* About this task
Without reproducing any picture, copy the records word for word.

▼▼▼

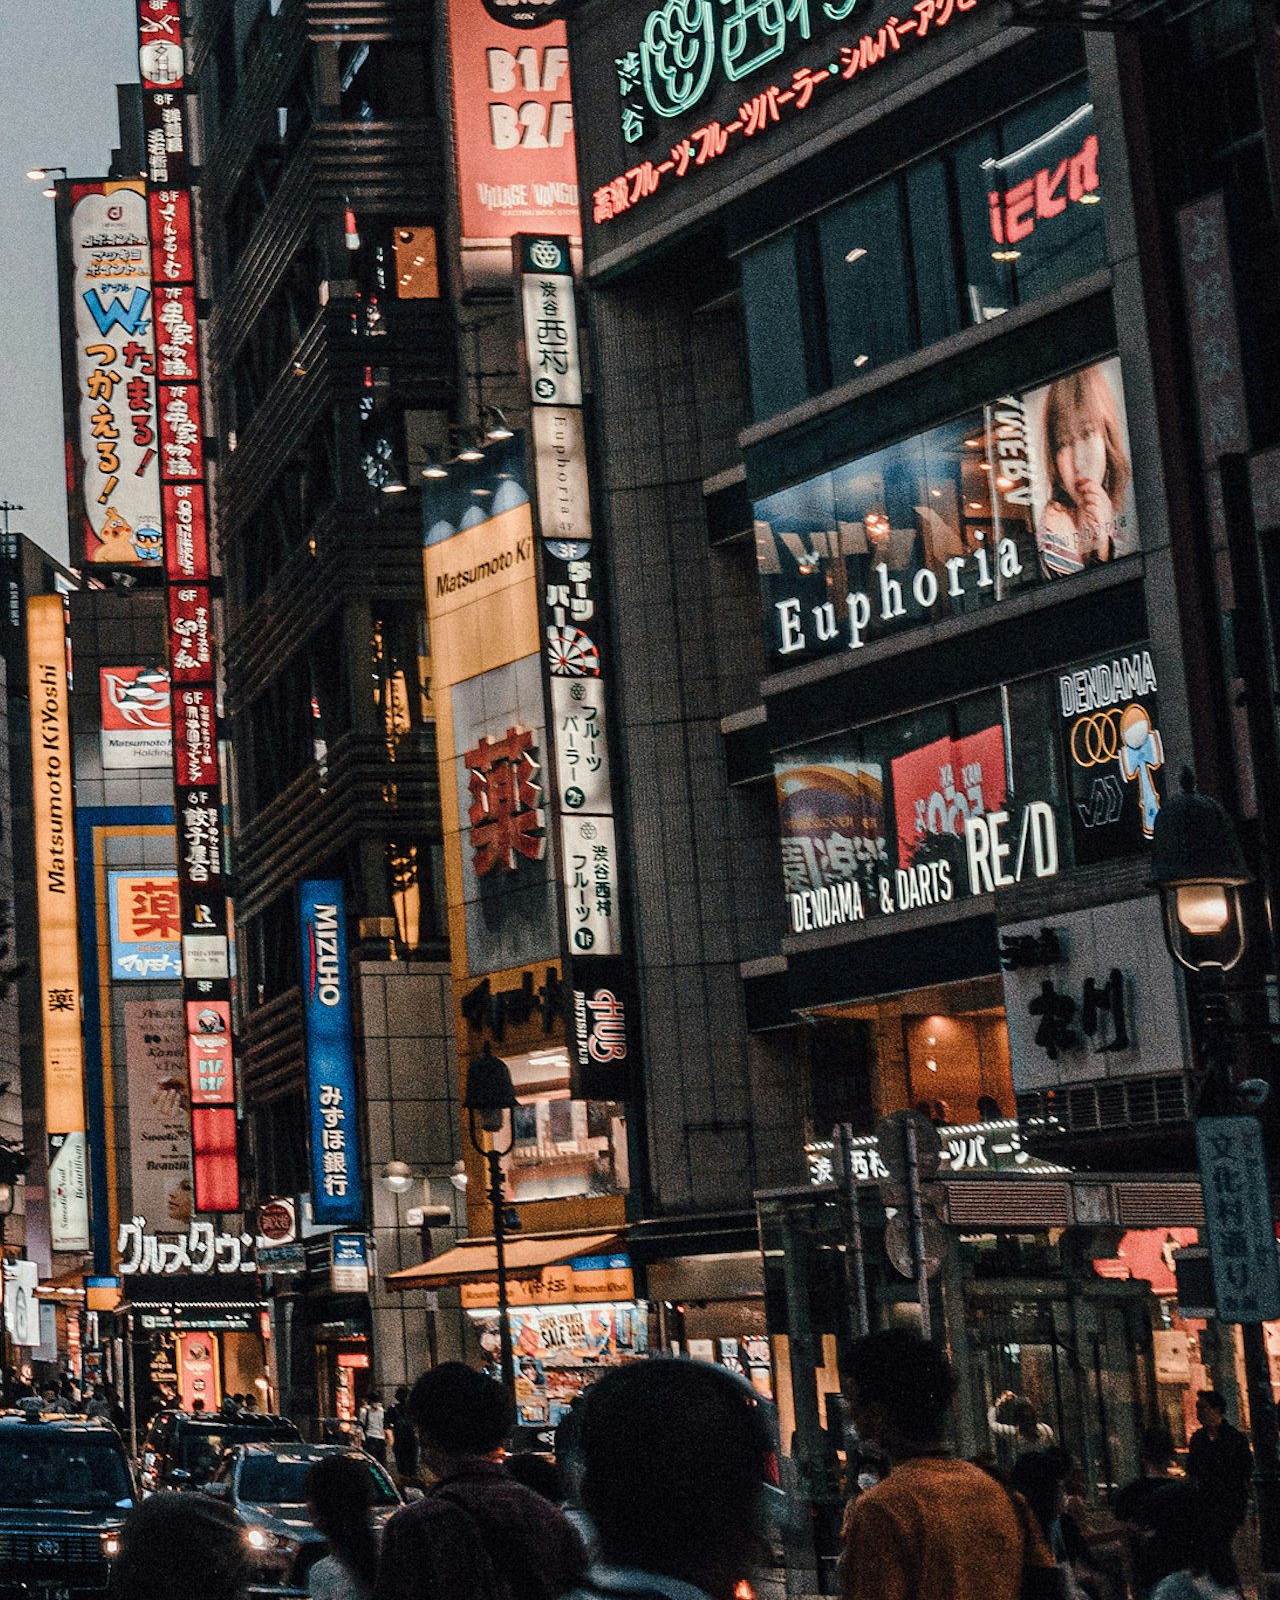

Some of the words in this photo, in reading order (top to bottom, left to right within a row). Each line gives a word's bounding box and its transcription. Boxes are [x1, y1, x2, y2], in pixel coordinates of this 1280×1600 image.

[487, 46, 569, 93] B1F
[614, 49, 641, 144] 渋谷
[490, 100, 574, 150] B2F
[475, 182, 529, 211] VILLAGE
[84, 342, 126, 506] つかえる!
[553, 415, 572, 516] Euphoria
[435, 551, 514, 598] Matsumoto
[557, 542, 578, 559] 3F
[177, 589, 198, 602] 6F
[774, 530, 1023, 656] Euphoria
[40, 663, 61, 752] KiYoshi
[182, 691, 204, 705] 6F
[1059, 652, 1158, 718] DENDAMA
[562, 714, 583, 783] パーラー
[581, 705, 602, 772] フルーツ
[48, 755, 67, 895] Matsumoto
[187, 791, 209, 805] 6F
[571, 854, 592, 923] フルーツ
[591, 843, 612, 917] 渋谷西村
[791, 880, 865, 932] DENDAMA
[878, 877, 895, 915] &
[896, 860, 953, 912] DARTS
[965, 802, 1058, 896] RE/D
[312, 903, 340, 1008] MIZUHO
[48, 988, 75, 1012] 薬
[586, 985, 628, 1063] HUB
[319, 1085, 348, 1198] みずほ銀行

▲▲▲

* Answer to this task
Some of the words in this photo, in reading order (top to bottom, left to right within a row). Each line gives a word's bounding box and its transcription. Boxes are [x1, y1, x2, y2], in pixel coordinates of this 1280×1600 image.

[487, 46, 569, 93] B1F
[614, 49, 641, 144] 渋谷
[490, 100, 574, 150] B2F
[475, 182, 529, 211] VILLAGE
[84, 342, 126, 506] つかえる!
[553, 415, 572, 516] Euphoria
[435, 551, 514, 598] Matsumoto
[557, 542, 578, 559] 3F
[177, 589, 198, 602] 6F
[774, 530, 1023, 656] Euphoria
[40, 663, 61, 752] KiYoshi
[182, 691, 204, 705] 6F
[1059, 652, 1158, 718] DENDAMA
[562, 714, 583, 783] パーラー
[581, 705, 602, 772] フルーツ
[48, 755, 67, 895] Matsumoto
[187, 791, 209, 805] 6F
[571, 854, 592, 923] フルーツ
[591, 843, 612, 917] 渋谷西村
[791, 880, 865, 932] DENDAMA
[878, 877, 895, 915] &
[896, 860, 953, 912] DARTS
[965, 802, 1058, 896] RE/D
[312, 903, 340, 1008] MIZUHO
[48, 988, 75, 1012] 薬
[586, 985, 628, 1063] HUB
[319, 1085, 348, 1198] みずほ銀行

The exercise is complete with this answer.